Task
Give the listing again character for character, but drop the images.

Task inputs
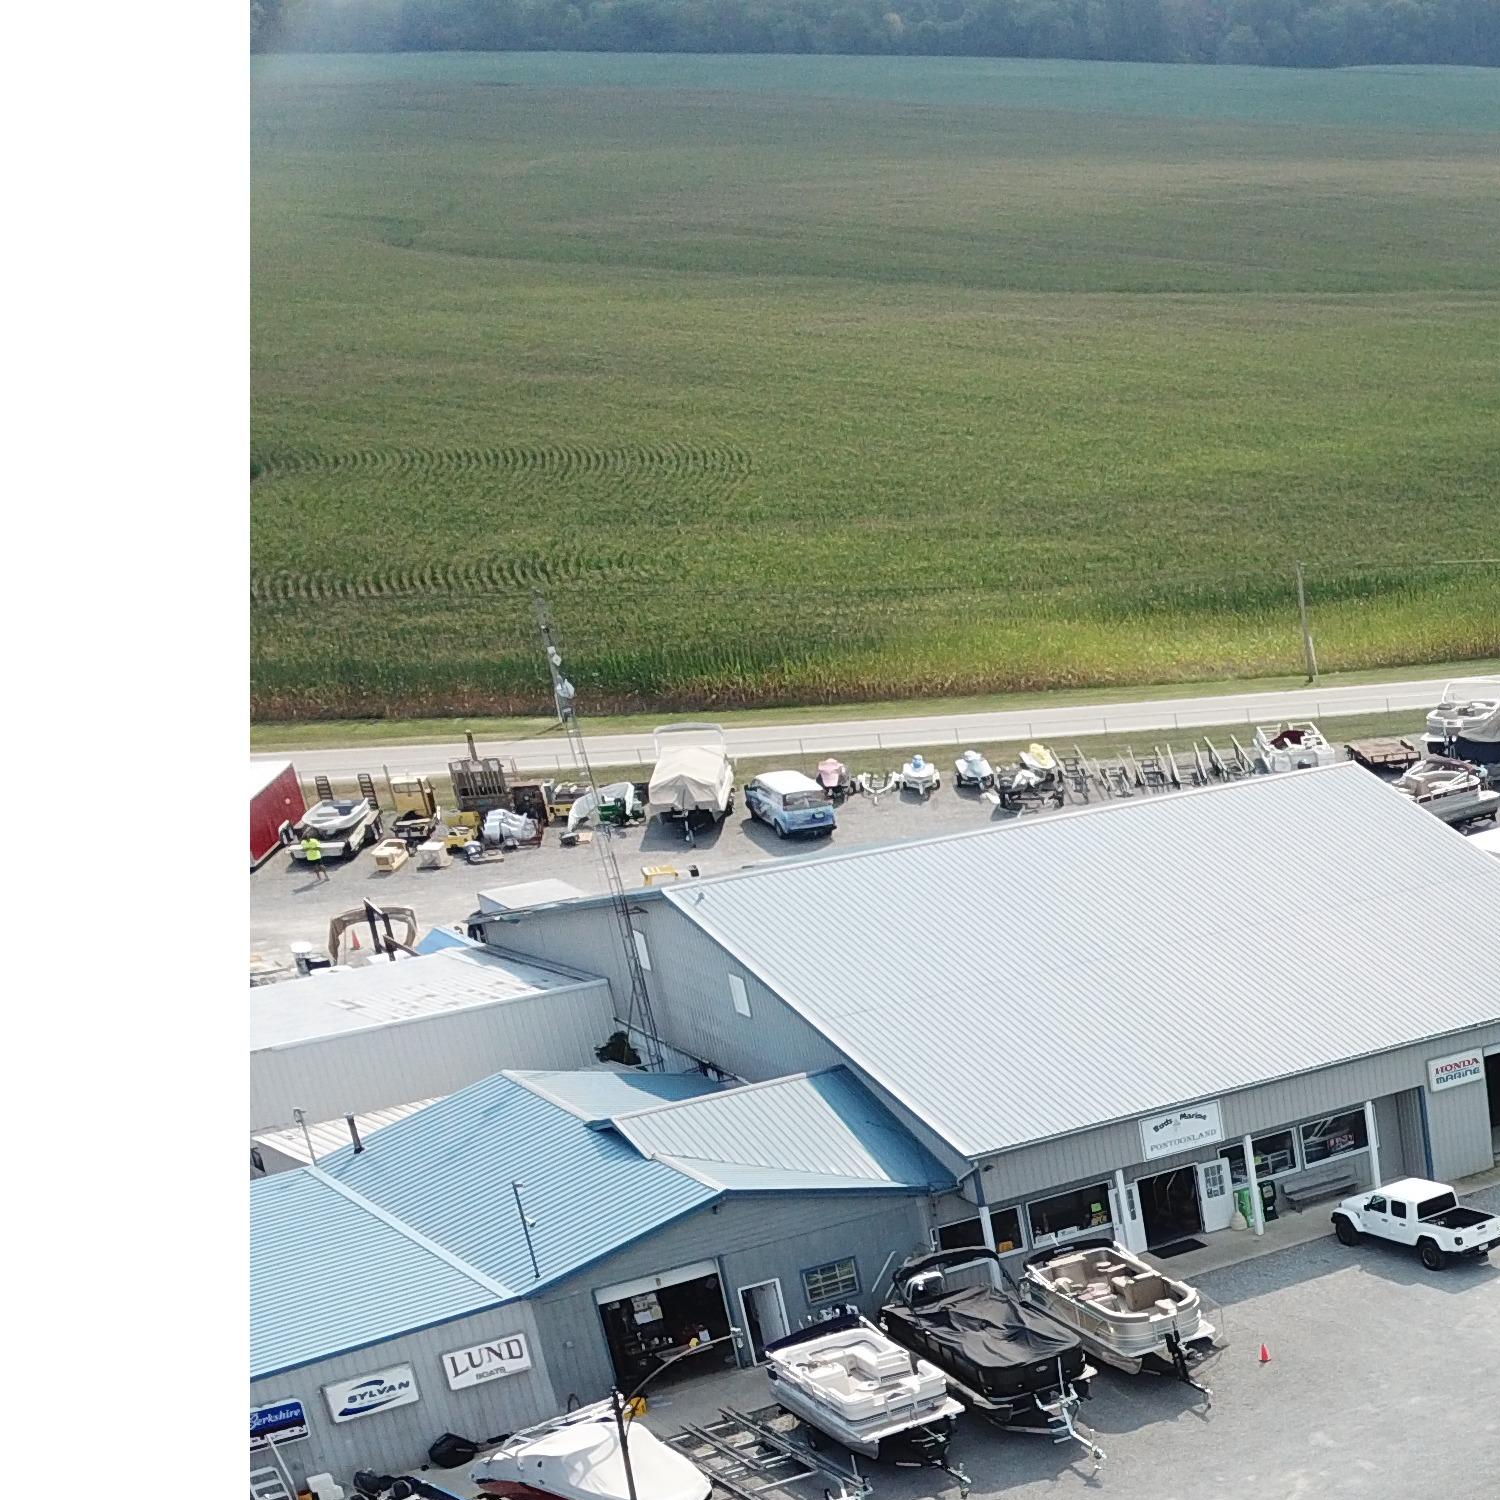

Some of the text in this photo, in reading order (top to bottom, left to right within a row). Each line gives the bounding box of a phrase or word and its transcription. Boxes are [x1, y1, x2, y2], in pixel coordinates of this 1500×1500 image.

[1435, 1057, 1480, 1075] HONDA
[1180, 1112, 1207, 1121] Marine
[1150, 1128, 1217, 1152] PONTOONLAND
[448, 1338, 524, 1379] LUND
[475, 1366, 507, 1380] BOATS
[347, 1380, 411, 1404] SYLVAN

Solution to this problem
Some of the text in this photo, in reading order (top to bottom, left to right within a row). Each line gives the bounding box of a phrase or word and its transcription. Boxes are [x1, y1, x2, y2], in pixel coordinates of this 1500×1500 image.

[1435, 1057, 1480, 1075] HONDA
[1180, 1112, 1207, 1121] Marine
[1150, 1128, 1217, 1152] PONTOONLAND
[448, 1338, 524, 1379] LUND
[475, 1366, 507, 1380] BOATS
[347, 1380, 411, 1404] SYLVAN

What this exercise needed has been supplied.